═════ Supplied material ═════

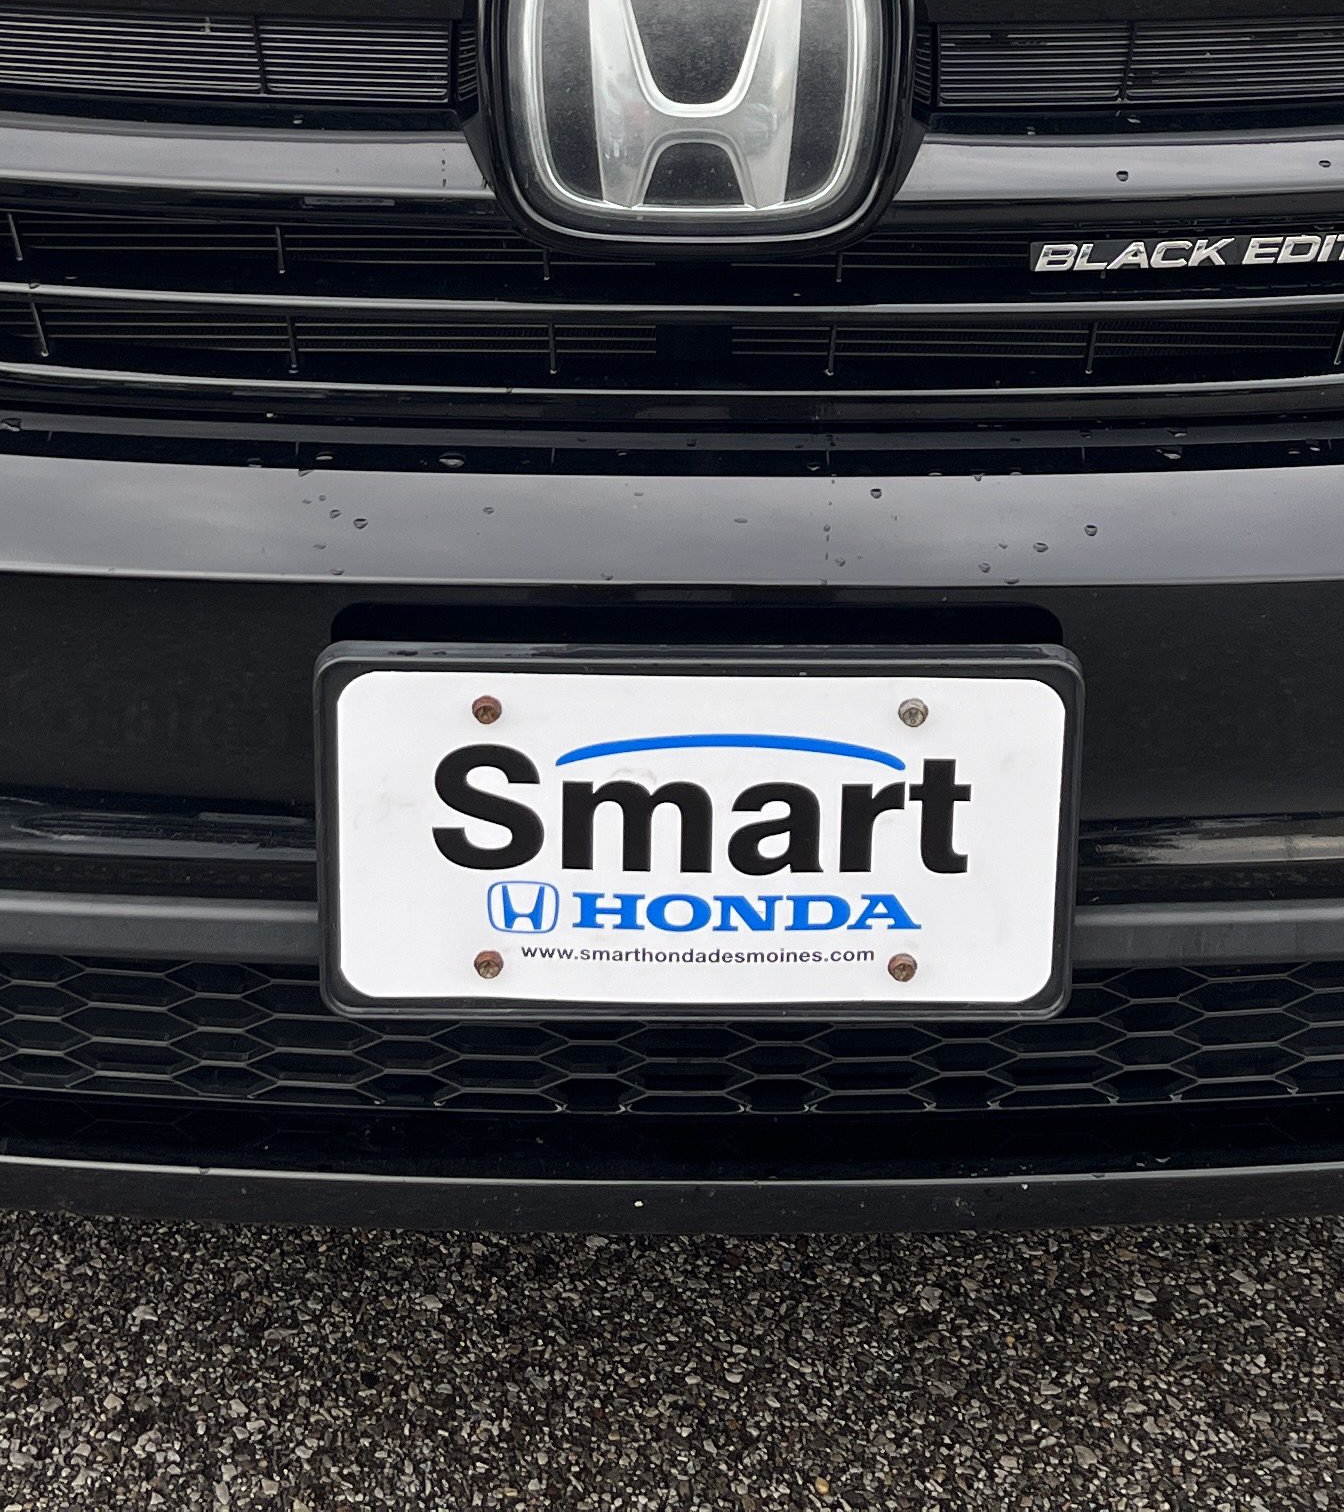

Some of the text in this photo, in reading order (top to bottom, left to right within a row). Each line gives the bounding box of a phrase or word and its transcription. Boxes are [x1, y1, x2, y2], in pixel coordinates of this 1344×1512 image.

[1034, 237, 1235, 272] BLACK
[431, 743, 972, 876] Smart
[572, 891, 922, 933] HONDA
[521, 945, 876, 964] www.smarthondadesmoines.com

═════

Exactly as given, set down each line of the material, but include no pictures.

Some of the text in this photo, in reading order (top to bottom, left to right within a row). Each line gives the bounding box of a phrase or word and its transcription. Boxes are [x1, y1, x2, y2], in pixel coordinates of this 1344×1512 image.

[1034, 237, 1235, 272] BLACK
[431, 743, 972, 876] Smart
[572, 891, 922, 933] HONDA
[521, 945, 876, 964] www.smarthondadesmoines.com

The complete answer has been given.